# Need help slowing down a fast driving pony



## Idrivetrotters (Jan 5, 2013)

*Slowing down*

As you noticed, pulling with all your might on a pony's mouth isn't working, and all you are doing is ruining your breaks and your pony.

I would take a few steps back and ground drive the pony until you are both responding with just the lightest of cues. Pulling on a horse only results in a horse that pulls and that is a terrible habit to break, I know, I have an OTSTB that pulled when I first started him back and it is not fun for you or the horse.

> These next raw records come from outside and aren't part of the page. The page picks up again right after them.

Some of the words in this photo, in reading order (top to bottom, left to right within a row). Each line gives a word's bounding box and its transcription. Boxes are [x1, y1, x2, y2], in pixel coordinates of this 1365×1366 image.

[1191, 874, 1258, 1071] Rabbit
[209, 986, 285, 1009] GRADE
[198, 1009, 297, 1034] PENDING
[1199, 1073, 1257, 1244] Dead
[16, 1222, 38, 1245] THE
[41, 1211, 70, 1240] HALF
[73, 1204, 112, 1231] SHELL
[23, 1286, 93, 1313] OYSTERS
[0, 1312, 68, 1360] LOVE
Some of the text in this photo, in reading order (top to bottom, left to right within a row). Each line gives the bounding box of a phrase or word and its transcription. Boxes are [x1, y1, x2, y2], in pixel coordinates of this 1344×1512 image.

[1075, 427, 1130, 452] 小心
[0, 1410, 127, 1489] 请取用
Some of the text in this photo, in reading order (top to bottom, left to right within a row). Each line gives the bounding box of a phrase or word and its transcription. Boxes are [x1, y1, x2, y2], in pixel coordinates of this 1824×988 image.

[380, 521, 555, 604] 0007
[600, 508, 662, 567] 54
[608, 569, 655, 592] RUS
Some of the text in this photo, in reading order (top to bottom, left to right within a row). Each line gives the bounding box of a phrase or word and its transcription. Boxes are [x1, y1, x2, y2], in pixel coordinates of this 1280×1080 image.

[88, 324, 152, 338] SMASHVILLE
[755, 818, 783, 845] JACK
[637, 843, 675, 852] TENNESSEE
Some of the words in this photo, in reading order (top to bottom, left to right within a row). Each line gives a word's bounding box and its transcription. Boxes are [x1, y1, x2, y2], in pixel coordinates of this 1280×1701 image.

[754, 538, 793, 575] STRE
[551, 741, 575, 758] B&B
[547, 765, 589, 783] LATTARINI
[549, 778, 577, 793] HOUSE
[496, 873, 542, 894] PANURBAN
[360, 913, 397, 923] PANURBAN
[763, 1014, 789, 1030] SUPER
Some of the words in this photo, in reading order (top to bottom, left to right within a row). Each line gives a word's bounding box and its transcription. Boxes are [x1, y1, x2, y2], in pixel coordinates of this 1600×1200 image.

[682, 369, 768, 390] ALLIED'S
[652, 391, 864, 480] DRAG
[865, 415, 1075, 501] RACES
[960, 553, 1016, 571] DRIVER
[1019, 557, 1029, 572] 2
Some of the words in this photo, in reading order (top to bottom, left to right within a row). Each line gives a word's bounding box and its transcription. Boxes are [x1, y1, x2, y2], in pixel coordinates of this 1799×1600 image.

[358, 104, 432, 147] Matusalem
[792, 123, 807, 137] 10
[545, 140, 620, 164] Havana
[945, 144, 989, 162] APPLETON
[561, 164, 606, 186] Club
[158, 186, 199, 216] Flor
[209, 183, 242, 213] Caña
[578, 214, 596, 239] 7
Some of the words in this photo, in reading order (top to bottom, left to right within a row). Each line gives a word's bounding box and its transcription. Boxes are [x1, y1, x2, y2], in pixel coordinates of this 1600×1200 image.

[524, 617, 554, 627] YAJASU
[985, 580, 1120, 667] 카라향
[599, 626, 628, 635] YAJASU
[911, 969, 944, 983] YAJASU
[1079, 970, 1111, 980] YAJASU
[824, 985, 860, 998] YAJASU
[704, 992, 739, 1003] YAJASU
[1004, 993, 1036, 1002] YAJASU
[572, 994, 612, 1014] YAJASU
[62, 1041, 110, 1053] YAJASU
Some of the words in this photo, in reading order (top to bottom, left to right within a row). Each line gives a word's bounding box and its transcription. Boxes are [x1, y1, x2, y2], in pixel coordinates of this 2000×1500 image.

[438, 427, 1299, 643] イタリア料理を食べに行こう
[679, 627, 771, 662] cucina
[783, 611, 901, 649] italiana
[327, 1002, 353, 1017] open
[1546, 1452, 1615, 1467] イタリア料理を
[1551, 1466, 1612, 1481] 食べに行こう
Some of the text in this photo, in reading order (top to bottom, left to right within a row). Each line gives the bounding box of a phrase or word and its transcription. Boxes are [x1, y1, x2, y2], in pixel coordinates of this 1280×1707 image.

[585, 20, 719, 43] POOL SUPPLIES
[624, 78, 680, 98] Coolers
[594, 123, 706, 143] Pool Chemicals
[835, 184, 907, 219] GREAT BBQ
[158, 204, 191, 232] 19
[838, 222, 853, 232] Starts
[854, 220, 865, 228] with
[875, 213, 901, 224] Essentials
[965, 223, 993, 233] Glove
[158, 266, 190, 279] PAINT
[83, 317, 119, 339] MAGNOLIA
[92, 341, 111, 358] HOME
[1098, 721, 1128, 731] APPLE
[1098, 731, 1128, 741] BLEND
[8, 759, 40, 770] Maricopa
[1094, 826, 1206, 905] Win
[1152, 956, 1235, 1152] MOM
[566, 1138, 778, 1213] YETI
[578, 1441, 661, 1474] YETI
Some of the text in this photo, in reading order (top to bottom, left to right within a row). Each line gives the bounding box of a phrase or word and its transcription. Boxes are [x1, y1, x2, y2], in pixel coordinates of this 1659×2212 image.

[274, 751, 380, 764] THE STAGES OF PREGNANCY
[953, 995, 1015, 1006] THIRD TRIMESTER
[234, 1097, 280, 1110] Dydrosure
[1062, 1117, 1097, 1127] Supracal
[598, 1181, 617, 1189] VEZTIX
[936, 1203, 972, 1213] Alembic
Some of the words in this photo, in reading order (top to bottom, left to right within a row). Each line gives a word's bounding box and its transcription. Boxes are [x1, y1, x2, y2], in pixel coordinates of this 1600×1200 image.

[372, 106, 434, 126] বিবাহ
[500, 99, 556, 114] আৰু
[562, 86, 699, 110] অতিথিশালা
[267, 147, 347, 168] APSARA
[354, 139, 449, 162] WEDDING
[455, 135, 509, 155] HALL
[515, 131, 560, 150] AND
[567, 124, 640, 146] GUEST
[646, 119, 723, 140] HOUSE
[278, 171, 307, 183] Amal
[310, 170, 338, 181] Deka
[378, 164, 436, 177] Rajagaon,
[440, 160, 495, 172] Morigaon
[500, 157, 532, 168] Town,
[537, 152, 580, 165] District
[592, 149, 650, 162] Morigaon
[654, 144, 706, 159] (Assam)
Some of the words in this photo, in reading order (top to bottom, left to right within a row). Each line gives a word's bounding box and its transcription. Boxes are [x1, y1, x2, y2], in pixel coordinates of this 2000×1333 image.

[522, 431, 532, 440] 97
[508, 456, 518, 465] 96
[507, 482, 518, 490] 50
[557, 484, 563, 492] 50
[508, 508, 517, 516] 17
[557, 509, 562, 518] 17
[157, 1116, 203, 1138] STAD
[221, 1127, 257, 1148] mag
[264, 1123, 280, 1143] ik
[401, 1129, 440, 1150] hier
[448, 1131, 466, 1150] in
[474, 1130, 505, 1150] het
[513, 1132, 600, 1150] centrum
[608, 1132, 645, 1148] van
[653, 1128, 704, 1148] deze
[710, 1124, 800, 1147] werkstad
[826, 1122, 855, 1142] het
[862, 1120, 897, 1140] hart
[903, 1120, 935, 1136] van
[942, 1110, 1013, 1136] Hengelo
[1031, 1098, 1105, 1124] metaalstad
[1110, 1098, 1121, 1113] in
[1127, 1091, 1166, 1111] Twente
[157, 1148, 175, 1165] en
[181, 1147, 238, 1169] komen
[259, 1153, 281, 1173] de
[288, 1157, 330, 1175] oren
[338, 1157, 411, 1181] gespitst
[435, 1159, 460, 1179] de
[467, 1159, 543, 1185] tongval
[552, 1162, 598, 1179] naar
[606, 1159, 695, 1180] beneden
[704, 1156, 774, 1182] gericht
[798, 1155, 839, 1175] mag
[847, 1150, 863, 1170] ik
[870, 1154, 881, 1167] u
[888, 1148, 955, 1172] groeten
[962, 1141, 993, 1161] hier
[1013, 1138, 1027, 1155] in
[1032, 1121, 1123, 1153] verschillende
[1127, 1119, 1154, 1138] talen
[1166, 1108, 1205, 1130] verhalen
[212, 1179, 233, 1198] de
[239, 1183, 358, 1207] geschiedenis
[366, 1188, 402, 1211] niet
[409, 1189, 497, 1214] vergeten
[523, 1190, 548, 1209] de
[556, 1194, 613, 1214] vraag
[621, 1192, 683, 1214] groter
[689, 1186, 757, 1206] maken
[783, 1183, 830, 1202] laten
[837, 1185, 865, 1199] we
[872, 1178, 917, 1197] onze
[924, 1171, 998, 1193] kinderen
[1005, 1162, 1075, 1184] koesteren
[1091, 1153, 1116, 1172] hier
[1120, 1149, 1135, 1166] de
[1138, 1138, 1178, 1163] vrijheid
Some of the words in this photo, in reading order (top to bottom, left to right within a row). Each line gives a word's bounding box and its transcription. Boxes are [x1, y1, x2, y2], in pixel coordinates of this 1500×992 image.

If you are unable to ground drive, pay for a trainer to come out and work with you both so that you are both safe and happy driving.


----------



## churumbeque (Dec 20, 2009)

work on lots of transitions long lining . and teacher the different speeds from so slow medium and fast but I do a lot of voice also .


----------



## michaelvanessa (Apr 25, 2012)

*fast pony*

hiya you can go back to basics lunge her keep her going and give her voice commands and she will keep going and finaly run out of steam and she should start to listen it will probley take quite a few sessions and reward her with a titbit like a carrot as you are driveing now what bit are you useing and be carefull you dont dammage the bars of her mouth she sounds like a genuine mare who likes her work if you have a long straight road and she is fit let her go at a reasonable pace in trot and gentley half halt her and tell her to work on in a slower pace and keep talking to her and also ask her to woah and reward her and work on a reward scheame and slowley with draw it to a serten extent but keep it as its a good pasifier in training and your horse will learn fast.
and in the end you will have a great little mare indeed.


----------



## Clayton Taffy (May 24, 2011)

I agree with everyone else, go back to the beginning.

I purchased my boy, Pilgrim from the Amish. When I first drove him I would step into the cart and he was 100 yards down the road before I sat down. For the first 3 months all we did was walk, stop and stand. Some days we would just drive 100 yards and put him away. Some days I just got in the cart, stood for 10 min then put him away. He did not know there was an option to go at any pace besides a, fast as you can, trot. I won't lie to you we still sometimes struggle with it. He is 1000% better but he still gets strong. Transitions in the trot helped a lot, going from slow trot to fast trot then back to slow, he never knew there was such a thing as a slow trot. He really likes it now. Bending when he got strong also helped. But this is all later work for your pony, you need more ground driving first.

Even though you are driving your pony, she is not trained to drive, what you have is a runaway, which you know is dangerous.

Another thing, sometimes if a horse is pulling too much weight, they can become a freight train when they pull, or they will balk and refuse to pull. Check out the weight of your buggy, you don't want it loaded to be more than the ponies weight if you are driving on good solid level ground, less than that if you are driving on rough or muddy terrain.

Good luck, keep us posted. You will have a nice driving pony when you are finished, good for you to recognize the problem and start to fix it. I know the ground work can be dull but you will have a safe pony when you are finished.


----------



## Clayton Taffy (May 24, 2011)

I want to correct what I said about weight. The weight I quoted was for a seasoned carriage driving horse, I would start a beginner with less weight than I mentioned.

Also OP you were trying to slow your pony down with the brakes, but as you know now, it is the basics in training that slow the pony down.


----------



## Saddlebag (Jan 17, 2011)

I too was thinking the weight may be a little much for her and she's trying to maintain the momentum. All horses will pull as it's innate with them. They feel the pull on the chest so they counter by pulling away. Push on a horse and he'll push back until taught to do otherwise.


----------



## Southern Grace (Feb 15, 2013)

Welcome to the world of Amish trained horses. The Amish do not, by and large, have horses as "pleasure". Their purpose in life is to get their owners somewhere, and that task is usually undertaken with some gusto. It can take a good deal of time to work this out of them. I agree with most everyone else, step back and work on it from the ground. If you take her out and lunge her, ask her to walk, move her up to a trot, the ask to walk again, until she fully associates the term with the gait, rather than just "go". Then step up to ground driving. I have seen horses that actually associate the cart with the trot, they'll do fine without the cart, hook them up and it's auto-trot, this one would just take time. Don't rely on the brake, if she steps into a trot, halt her, let her relax, and ask for a walk again.


----------